*** Block opens ***

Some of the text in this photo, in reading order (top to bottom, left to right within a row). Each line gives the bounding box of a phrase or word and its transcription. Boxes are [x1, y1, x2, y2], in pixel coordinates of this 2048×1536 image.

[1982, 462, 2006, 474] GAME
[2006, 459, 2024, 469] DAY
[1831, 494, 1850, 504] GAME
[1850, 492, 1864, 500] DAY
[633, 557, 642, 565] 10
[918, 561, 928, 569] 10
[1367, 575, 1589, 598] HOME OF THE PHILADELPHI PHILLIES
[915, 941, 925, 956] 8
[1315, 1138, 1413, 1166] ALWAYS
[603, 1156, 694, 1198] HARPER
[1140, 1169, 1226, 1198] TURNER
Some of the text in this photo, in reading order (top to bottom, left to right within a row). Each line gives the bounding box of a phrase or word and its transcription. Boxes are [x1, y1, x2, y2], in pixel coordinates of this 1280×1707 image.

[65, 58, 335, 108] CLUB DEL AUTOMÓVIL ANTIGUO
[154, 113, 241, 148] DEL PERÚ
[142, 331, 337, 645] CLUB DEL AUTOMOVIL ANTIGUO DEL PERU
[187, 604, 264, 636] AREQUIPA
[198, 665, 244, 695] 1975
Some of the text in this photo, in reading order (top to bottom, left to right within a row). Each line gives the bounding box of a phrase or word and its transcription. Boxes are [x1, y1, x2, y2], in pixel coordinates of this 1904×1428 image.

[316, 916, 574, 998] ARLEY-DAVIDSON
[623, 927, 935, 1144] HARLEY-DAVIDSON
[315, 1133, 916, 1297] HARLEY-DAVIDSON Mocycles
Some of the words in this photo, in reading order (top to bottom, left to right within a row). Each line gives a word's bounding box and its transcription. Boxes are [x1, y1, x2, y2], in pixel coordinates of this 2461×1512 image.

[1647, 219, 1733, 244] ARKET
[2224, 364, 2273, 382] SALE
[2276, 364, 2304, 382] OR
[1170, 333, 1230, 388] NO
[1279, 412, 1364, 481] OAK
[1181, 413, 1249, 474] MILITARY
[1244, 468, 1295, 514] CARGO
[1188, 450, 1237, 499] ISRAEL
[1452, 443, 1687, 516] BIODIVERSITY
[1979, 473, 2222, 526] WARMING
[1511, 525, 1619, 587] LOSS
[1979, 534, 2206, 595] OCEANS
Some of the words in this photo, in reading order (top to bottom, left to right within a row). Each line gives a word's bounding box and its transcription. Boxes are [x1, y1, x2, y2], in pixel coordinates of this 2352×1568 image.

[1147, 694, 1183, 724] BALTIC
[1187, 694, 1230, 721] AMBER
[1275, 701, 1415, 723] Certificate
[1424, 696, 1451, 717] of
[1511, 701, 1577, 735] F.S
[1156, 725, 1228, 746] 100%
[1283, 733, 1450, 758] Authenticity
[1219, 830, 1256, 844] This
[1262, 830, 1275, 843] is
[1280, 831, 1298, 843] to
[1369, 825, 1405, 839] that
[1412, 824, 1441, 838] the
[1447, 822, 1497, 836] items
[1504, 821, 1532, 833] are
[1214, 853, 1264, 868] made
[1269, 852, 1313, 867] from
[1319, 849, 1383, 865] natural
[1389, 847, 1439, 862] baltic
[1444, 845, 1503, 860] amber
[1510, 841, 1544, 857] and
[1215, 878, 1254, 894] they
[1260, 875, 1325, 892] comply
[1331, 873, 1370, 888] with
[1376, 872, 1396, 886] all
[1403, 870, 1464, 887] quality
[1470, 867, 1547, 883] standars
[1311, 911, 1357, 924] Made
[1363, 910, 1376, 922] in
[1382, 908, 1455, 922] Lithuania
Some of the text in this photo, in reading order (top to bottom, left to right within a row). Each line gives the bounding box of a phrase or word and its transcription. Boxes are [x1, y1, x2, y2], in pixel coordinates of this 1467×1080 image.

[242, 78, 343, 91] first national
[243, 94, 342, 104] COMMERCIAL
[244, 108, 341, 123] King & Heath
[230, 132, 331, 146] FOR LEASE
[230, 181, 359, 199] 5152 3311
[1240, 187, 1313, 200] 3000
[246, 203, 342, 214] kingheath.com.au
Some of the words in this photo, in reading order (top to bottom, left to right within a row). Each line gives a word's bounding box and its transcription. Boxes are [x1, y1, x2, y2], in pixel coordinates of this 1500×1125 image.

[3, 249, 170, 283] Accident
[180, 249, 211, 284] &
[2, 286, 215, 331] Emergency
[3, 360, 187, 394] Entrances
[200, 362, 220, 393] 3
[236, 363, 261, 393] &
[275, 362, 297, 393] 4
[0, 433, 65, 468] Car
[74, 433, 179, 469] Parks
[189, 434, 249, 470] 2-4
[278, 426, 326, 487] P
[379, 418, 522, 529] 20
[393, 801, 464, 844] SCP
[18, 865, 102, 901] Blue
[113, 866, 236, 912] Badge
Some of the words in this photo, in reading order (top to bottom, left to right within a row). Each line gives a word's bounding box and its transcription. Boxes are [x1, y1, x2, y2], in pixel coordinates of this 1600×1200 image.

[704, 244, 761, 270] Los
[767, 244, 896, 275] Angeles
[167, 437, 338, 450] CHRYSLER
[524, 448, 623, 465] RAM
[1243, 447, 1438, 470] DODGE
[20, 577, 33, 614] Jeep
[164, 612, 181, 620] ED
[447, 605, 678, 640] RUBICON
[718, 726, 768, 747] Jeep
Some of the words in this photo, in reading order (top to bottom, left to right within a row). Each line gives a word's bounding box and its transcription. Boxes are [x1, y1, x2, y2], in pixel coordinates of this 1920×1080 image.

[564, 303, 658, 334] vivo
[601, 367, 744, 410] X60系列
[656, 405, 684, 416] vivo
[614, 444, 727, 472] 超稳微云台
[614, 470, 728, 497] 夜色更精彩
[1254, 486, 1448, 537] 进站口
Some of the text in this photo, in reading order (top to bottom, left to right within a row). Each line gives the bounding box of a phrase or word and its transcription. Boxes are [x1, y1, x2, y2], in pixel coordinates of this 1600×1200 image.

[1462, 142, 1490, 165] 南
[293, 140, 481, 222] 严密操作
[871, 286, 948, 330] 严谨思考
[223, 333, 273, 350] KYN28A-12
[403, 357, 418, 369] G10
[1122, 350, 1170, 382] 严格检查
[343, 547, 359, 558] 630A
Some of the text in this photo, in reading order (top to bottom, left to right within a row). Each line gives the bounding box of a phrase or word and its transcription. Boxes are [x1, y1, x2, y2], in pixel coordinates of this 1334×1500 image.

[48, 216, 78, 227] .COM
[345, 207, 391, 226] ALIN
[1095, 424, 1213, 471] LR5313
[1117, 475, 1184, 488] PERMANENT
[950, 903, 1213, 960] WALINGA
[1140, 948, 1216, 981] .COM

*** Block closes ***

• _Exercise aim_: Would you transcribe the whole listing, keeping every character the same?

• _Response_:
Some of the text in this photo, in reading order (top to bottom, left to right within a row). Each line gives the bounding box of a phrase or word and its transcription. Boxes are [x1, y1, x2, y2], in pixel coordinates of this 2048×1536 image.

[1982, 462, 2006, 474] GAME
[2006, 459, 2024, 469] DAY
[1831, 494, 1850, 504] GAME
[1850, 492, 1864, 500] DAY
[633, 557, 642, 565] 10
[918, 561, 928, 569] 10
[1367, 575, 1589, 598] HOME OF THE PHILADELPHI PHILLIES
[915, 941, 925, 956] 8
[1315, 1138, 1413, 1166] ALWAYS
[603, 1156, 694, 1198] HARPER
[1140, 1169, 1226, 1198] TURNER
Some of the text in this photo, in reading order (top to bottom, left to right within a row). Each line gives the bounding box of a phrase or word and its transcription. Boxes are [x1, y1, x2, y2], in pixel coordinates of this 1280×1707 image.

[65, 58, 335, 108] CLUB DEL AUTOMÓVIL ANTIGUO
[154, 113, 241, 148] DEL PERÚ
[142, 331, 337, 645] CLUB DEL AUTOMOVIL ANTIGUO DEL PERU
[187, 604, 264, 636] AREQUIPA
[198, 665, 244, 695] 1975
Some of the text in this photo, in reading order (top to bottom, left to right within a row). Each line gives the bounding box of a phrase or word and its transcription. Boxes are [x1, y1, x2, y2], in pixel coordinates of this 1904×1428 image.

[316, 916, 574, 998] ARLEY-DAVIDSON
[623, 927, 935, 1144] HARLEY-DAVIDSON
[315, 1133, 916, 1297] HARLEY-DAVIDSON Mocycles
Some of the words in this photo, in reading order (top to bottom, left to right within a row). Each line gives a word's bounding box and its transcription. Boxes are [x1, y1, x2, y2], in pixel coordinates of this 2461×1512 image.

[1647, 219, 1733, 244] ARKET
[2224, 364, 2273, 382] SALE
[2276, 364, 2304, 382] OR
[1170, 333, 1230, 388] NO
[1279, 412, 1364, 481] OAK
[1181, 413, 1249, 474] MILITARY
[1244, 468, 1295, 514] CARGO
[1188, 450, 1237, 499] ISRAEL
[1452, 443, 1687, 516] BIODIVERSITY
[1979, 473, 2222, 526] WARMING
[1511, 525, 1619, 587] LOSS
[1979, 534, 2206, 595] OCEANS
Some of the words in this photo, in reading order (top to bottom, left to right within a row). Each line gives a word's bounding box and its transcription. Boxes are [x1, y1, x2, y2], in pixel coordinates of this 2352×1568 image.

[1147, 694, 1183, 724] BALTIC
[1187, 694, 1230, 721] AMBER
[1275, 701, 1415, 723] Certificate
[1424, 696, 1451, 717] of
[1511, 701, 1577, 735] F.S
[1156, 725, 1228, 746] 100%
[1283, 733, 1450, 758] Authenticity
[1219, 830, 1256, 844] This
[1262, 830, 1275, 843] is
[1280, 831, 1298, 843] to
[1369, 825, 1405, 839] that
[1412, 824, 1441, 838] the
[1447, 822, 1497, 836] items
[1504, 821, 1532, 833] are
[1214, 853, 1264, 868] made
[1269, 852, 1313, 867] from
[1319, 849, 1383, 865] natural
[1389, 847, 1439, 862] baltic
[1444, 845, 1503, 860] amber
[1510, 841, 1544, 857] and
[1215, 878, 1254, 894] they
[1260, 875, 1325, 892] comply
[1331, 873, 1370, 888] with
[1376, 872, 1396, 886] all
[1403, 870, 1464, 887] quality
[1470, 867, 1547, 883] standars
[1311, 911, 1357, 924] Made
[1363, 910, 1376, 922] in
[1382, 908, 1455, 922] Lithuania
Some of the text in this photo, in reading order (top to bottom, left to right within a row). Each line gives the bounding box of a phrase or word and its transcription. Boxes are [x1, y1, x2, y2], in pixel coordinates of this 1467×1080 image.

[242, 78, 343, 91] first national
[243, 94, 342, 104] COMMERCIAL
[244, 108, 341, 123] King & Heath
[230, 132, 331, 146] FOR LEASE
[230, 181, 359, 199] 5152 3311
[1240, 187, 1313, 200] 3000
[246, 203, 342, 214] kingheath.com.au
Some of the words in this photo, in reading order (top to bottom, left to right within a row). Each line gives a word's bounding box and its transcription. Boxes are [x1, y1, x2, y2], in pixel coordinates of this 1500×1125 image.

[3, 249, 170, 283] Accident
[180, 249, 211, 284] &
[2, 286, 215, 331] Emergency
[3, 360, 187, 394] Entrances
[200, 362, 220, 393] 3
[236, 363, 261, 393] &
[275, 362, 297, 393] 4
[0, 433, 65, 468] Car
[74, 433, 179, 469] Parks
[189, 434, 249, 470] 2-4
[278, 426, 326, 487] P
[379, 418, 522, 529] 20
[393, 801, 464, 844] SCP
[18, 865, 102, 901] Blue
[113, 866, 236, 912] Badge
Some of the words in this photo, in reading order (top to bottom, left to right within a row). Each line gives a word's bounding box and its transcription. Boxes are [x1, y1, x2, y2], in pixel coordinates of this 1600×1200 image.

[704, 244, 761, 270] Los
[767, 244, 896, 275] Angeles
[167, 437, 338, 450] CHRYSLER
[524, 448, 623, 465] RAM
[1243, 447, 1438, 470] DODGE
[20, 577, 33, 614] Jeep
[164, 612, 181, 620] ED
[447, 605, 678, 640] RUBICON
[718, 726, 768, 747] Jeep
Some of the words in this photo, in reading order (top to bottom, left to right within a row). Each line gives a word's bounding box and its transcription. Boxes are [x1, y1, x2, y2], in pixel coordinates of this 1920×1080 image.

[564, 303, 658, 334] vivo
[601, 367, 744, 410] X60系列
[656, 405, 684, 416] vivo
[614, 444, 727, 472] 超稳微云台
[614, 470, 728, 497] 夜色更精彩
[1254, 486, 1448, 537] 进站口
Some of the text in this photo, in reading order (top to bottom, left to right within a row). Each line gives the bounding box of a phrase or word and its transcription. Boxes are [x1, y1, x2, y2], in pixel coordinates of this 1600×1200 image.

[1462, 142, 1490, 165] 南
[293, 140, 481, 222] 严密操作
[871, 286, 948, 330] 严谨思考
[223, 333, 273, 350] KYN28A-12
[403, 357, 418, 369] G10
[1122, 350, 1170, 382] 严格检查
[343, 547, 359, 558] 630A
Some of the text in this photo, in reading order (top to bottom, left to right within a row). Each line gives the bounding box of a phrase or word and its transcription. Boxes are [x1, y1, x2, y2], in pixel coordinates of this 1334×1500 image.

[48, 216, 78, 227] .COM
[345, 207, 391, 226] ALIN
[1095, 424, 1213, 471] LR5313
[1117, 475, 1184, 488] PERMANENT
[950, 903, 1213, 960] WALINGA
[1140, 948, 1216, 981] .COM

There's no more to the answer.